Denis Kazansky: “What exceptional people, of course. On one hand, Lenin was destroying Krivdonbass (what a word!) (note: it is a combination of Krivoy Rog-Donbass), and on the other they came out to defend his monuments.

Meanwhile, the leaders of DKR were all executed not by some Banderovites but by Great Stalin.”

Vladimir Kornilov: “Today is a tragic anniversary for Donbass. 100 years ago, the Council for Defence led by Lenin decided to hand the Donetsk republic to Ukraine. I quote: “Ask Comrade Stalin through the Office of the Central Committee to conduct the liquidation of the Krivdonbass”. The Donbass is reaping the fruits of this mistake to this day.

For reference: Kazansky is a pro-Ukrainian, and pro-Western writer from Donetsk, Kornilov is a pro-Russian writer from Donetsk.

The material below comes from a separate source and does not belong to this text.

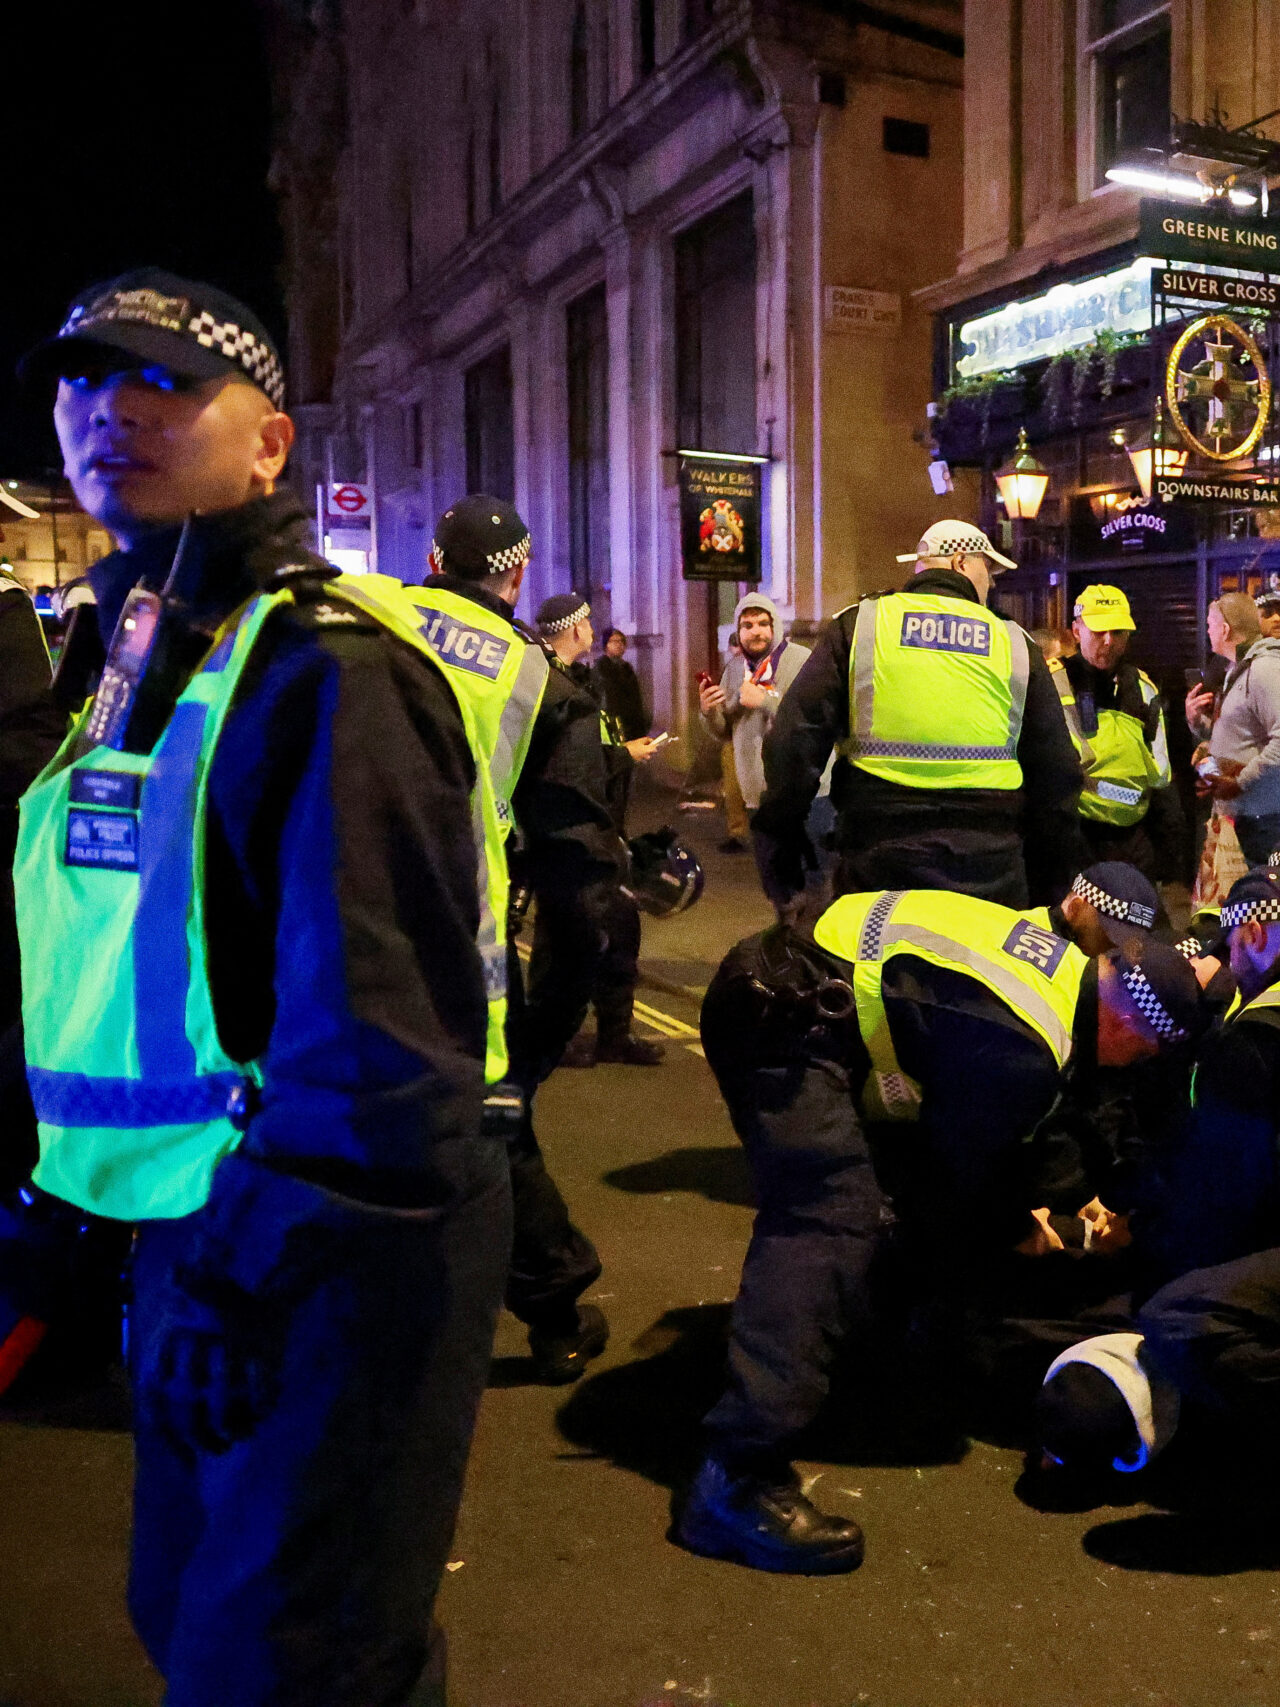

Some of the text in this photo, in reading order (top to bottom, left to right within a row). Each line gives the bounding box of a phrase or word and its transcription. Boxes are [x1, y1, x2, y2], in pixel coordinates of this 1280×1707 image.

Those that have been reading my old blog, Austere Insomniac, may know that I am no fan of Lenin. I haven’t changed my opinions since, and still believe that the Lenin Mausoleum ought to be moved to Gorki Leninskie in Podmoskvie, and a Church of the New Martyrs ought to be built in its stead.

That said, the regular inhabitant of Donetsk may not be a fan of gangs of Banderovites toppling monuments in his city.

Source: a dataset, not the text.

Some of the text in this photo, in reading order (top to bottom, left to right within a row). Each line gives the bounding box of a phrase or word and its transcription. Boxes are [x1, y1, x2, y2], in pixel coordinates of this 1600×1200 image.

But really, he might not want to live in a country where streets are named after Stepan Bandera? Something I have never seen Kazansky condemn.

He might not want to live in a country, where the Russian language is being discriminated against? Something I have never seen the Russian speaking Kazansky condemn.

He might not want to live in a country, where the president breaks with the constitution to create an anti-Russian Church? Something I have never seen Kazansky condemn.

Poroshenko Buys the Pensioners Before Elections

The Vice-Premier of Ukraine, Pavlo Rozenko, published some curious information on his Facebook page…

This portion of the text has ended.